Write down every entry once more, exactly as it reads.

Extracted entries>
* * * * * * *

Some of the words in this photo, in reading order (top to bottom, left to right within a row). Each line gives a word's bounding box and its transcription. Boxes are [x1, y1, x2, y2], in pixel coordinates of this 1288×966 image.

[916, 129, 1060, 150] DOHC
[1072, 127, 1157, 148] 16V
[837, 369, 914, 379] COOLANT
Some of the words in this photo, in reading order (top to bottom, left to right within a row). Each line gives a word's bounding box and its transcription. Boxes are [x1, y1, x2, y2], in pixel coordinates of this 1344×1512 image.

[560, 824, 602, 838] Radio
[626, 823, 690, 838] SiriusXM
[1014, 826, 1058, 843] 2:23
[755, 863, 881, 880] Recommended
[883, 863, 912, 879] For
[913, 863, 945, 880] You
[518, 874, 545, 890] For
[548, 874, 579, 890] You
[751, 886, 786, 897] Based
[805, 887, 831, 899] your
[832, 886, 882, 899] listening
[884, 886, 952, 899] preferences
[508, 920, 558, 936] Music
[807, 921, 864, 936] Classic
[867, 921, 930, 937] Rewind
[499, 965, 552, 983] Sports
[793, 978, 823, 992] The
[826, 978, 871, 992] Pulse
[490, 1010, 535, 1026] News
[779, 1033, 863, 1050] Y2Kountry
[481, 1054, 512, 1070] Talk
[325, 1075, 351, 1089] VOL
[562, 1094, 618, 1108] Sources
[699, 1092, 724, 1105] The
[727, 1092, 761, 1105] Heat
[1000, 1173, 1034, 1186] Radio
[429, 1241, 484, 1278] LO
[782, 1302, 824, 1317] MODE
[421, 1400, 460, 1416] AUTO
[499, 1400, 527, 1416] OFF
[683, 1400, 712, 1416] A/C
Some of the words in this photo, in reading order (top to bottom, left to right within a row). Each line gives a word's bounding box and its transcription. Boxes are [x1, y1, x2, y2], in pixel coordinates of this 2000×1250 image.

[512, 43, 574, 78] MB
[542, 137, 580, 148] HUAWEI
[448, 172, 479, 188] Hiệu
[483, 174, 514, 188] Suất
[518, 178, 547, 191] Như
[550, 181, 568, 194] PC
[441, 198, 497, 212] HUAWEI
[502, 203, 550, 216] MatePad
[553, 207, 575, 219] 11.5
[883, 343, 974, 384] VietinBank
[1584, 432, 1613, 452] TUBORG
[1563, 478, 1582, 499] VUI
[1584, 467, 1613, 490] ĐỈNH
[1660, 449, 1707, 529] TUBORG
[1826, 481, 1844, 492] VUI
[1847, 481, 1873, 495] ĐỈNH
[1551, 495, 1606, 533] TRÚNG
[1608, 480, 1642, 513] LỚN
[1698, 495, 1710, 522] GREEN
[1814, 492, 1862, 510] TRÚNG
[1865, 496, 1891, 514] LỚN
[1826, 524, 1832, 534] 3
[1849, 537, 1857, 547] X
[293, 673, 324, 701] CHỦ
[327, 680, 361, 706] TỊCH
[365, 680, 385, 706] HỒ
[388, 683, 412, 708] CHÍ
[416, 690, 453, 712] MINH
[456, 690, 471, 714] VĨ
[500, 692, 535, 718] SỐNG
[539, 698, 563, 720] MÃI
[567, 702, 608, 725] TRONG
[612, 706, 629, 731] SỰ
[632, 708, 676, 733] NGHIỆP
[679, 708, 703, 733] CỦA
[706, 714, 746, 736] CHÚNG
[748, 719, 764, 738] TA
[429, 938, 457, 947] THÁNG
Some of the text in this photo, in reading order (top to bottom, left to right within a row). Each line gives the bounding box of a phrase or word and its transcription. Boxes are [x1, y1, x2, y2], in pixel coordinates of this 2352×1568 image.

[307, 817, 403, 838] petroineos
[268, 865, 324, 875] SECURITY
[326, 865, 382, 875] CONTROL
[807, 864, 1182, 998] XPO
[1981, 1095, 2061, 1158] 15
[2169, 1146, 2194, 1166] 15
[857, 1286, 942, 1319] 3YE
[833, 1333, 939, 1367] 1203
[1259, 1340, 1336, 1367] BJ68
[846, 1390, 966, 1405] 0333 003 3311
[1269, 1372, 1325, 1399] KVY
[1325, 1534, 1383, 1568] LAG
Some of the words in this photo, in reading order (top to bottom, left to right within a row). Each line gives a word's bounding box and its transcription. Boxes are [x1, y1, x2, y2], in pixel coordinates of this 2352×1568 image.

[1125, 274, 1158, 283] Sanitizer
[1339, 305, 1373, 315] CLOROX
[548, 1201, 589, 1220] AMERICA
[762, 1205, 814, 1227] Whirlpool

* * * * * * *

Exercise response>
Some of the words in this photo, in reading order (top to bottom, left to right within a row). Each line gives a word's bounding box and its transcription. Boxes are [x1, y1, x2, y2], in pixel coordinates of this 1288×966 image.

[916, 129, 1060, 150] DOHC
[1072, 127, 1157, 148] 16V
[837, 369, 914, 379] COOLANT
Some of the words in this photo, in reading order (top to bottom, left to right within a row). Each line gives a word's bounding box and its transcription. Boxes are [x1, y1, x2, y2], in pixel coordinates of this 1344×1512 image.

[560, 824, 602, 838] Radio
[626, 823, 690, 838] SiriusXM
[1014, 826, 1058, 843] 2:23
[755, 863, 881, 880] Recommended
[883, 863, 912, 879] For
[913, 863, 945, 880] You
[518, 874, 545, 890] For
[548, 874, 579, 890] You
[751, 886, 786, 897] Based
[805, 887, 831, 899] your
[832, 886, 882, 899] listening
[884, 886, 952, 899] preferences
[508, 920, 558, 936] Music
[807, 921, 864, 936] Classic
[867, 921, 930, 937] Rewind
[499, 965, 552, 983] Sports
[793, 978, 823, 992] The
[826, 978, 871, 992] Pulse
[490, 1010, 535, 1026] News
[779, 1033, 863, 1050] Y2Kountry
[481, 1054, 512, 1070] Talk
[325, 1075, 351, 1089] VOL
[562, 1094, 618, 1108] Sources
[699, 1092, 724, 1105] The
[727, 1092, 761, 1105] Heat
[1000, 1173, 1034, 1186] Radio
[429, 1241, 484, 1278] LO
[782, 1302, 824, 1317] MODE
[421, 1400, 460, 1416] AUTO
[499, 1400, 527, 1416] OFF
[683, 1400, 712, 1416] A/C
Some of the words in this photo, in reading order (top to bottom, left to right within a row). Each line gives a word's bounding box and its transcription. Boxes are [x1, y1, x2, y2], in pixel coordinates of this 2000×1250 image.

[512, 43, 574, 78] MB
[542, 137, 580, 148] HUAWEI
[448, 172, 479, 188] Hiệu
[483, 174, 514, 188] Suất
[518, 178, 547, 191] Như
[550, 181, 568, 194] PC
[441, 198, 497, 212] HUAWEI
[502, 203, 550, 216] MatePad
[553, 207, 575, 219] 11.5
[883, 343, 974, 384] VietinBank
[1584, 432, 1613, 452] TUBORG
[1563, 478, 1582, 499] VUI
[1584, 467, 1613, 490] ĐỈNH
[1660, 449, 1707, 529] TUBORG
[1826, 481, 1844, 492] VUI
[1847, 481, 1873, 495] ĐỈNH
[1551, 495, 1606, 533] TRÚNG
[1608, 480, 1642, 513] LỚN
[1698, 495, 1710, 522] GREEN
[1814, 492, 1862, 510] TRÚNG
[1865, 496, 1891, 514] LỚN
[1826, 524, 1832, 534] 3
[1849, 537, 1857, 547] X
[293, 673, 324, 701] CHỦ
[327, 680, 361, 706] TỊCH
[365, 680, 385, 706] HỒ
[388, 683, 412, 708] CHÍ
[416, 690, 453, 712] MINH
[456, 690, 471, 714] VĨ
[500, 692, 535, 718] SỐNG
[539, 698, 563, 720] MÃI
[567, 702, 608, 725] TRONG
[612, 706, 629, 731] SỰ
[632, 708, 676, 733] NGHIỆP
[679, 708, 703, 733] CỦA
[706, 714, 746, 736] CHÚNG
[748, 719, 764, 738] TA
[429, 938, 457, 947] THÁNG
Some of the text in this photo, in reading order (top to bottom, left to right within a row). Each line gives the bounding box of a phrase or word and its transcription. Boxes are [x1, y1, x2, y2], in pixel coordinates of this 2352×1568 image.

[307, 817, 403, 838] petroineos
[268, 865, 324, 875] SECURITY
[326, 865, 382, 875] CONTROL
[807, 864, 1182, 998] XPO
[1981, 1095, 2061, 1158] 15
[2169, 1146, 2194, 1166] 15
[857, 1286, 942, 1319] 3YE
[833, 1333, 939, 1367] 1203
[1259, 1340, 1336, 1367] BJ68
[846, 1390, 966, 1405] 0333 003 3311
[1269, 1372, 1325, 1399] KVY
[1325, 1534, 1383, 1568] LAG
Some of the words in this photo, in reading order (top to bottom, left to right within a row). Each line gives a word's bounding box and its transcription. Boxes are [x1, y1, x2, y2], in pixel coordinates of this 2352×1568 image.

[1125, 274, 1158, 283] Sanitizer
[1339, 305, 1373, 315] CLOROX
[548, 1201, 589, 1220] AMERICA
[762, 1205, 814, 1227] Whirlpool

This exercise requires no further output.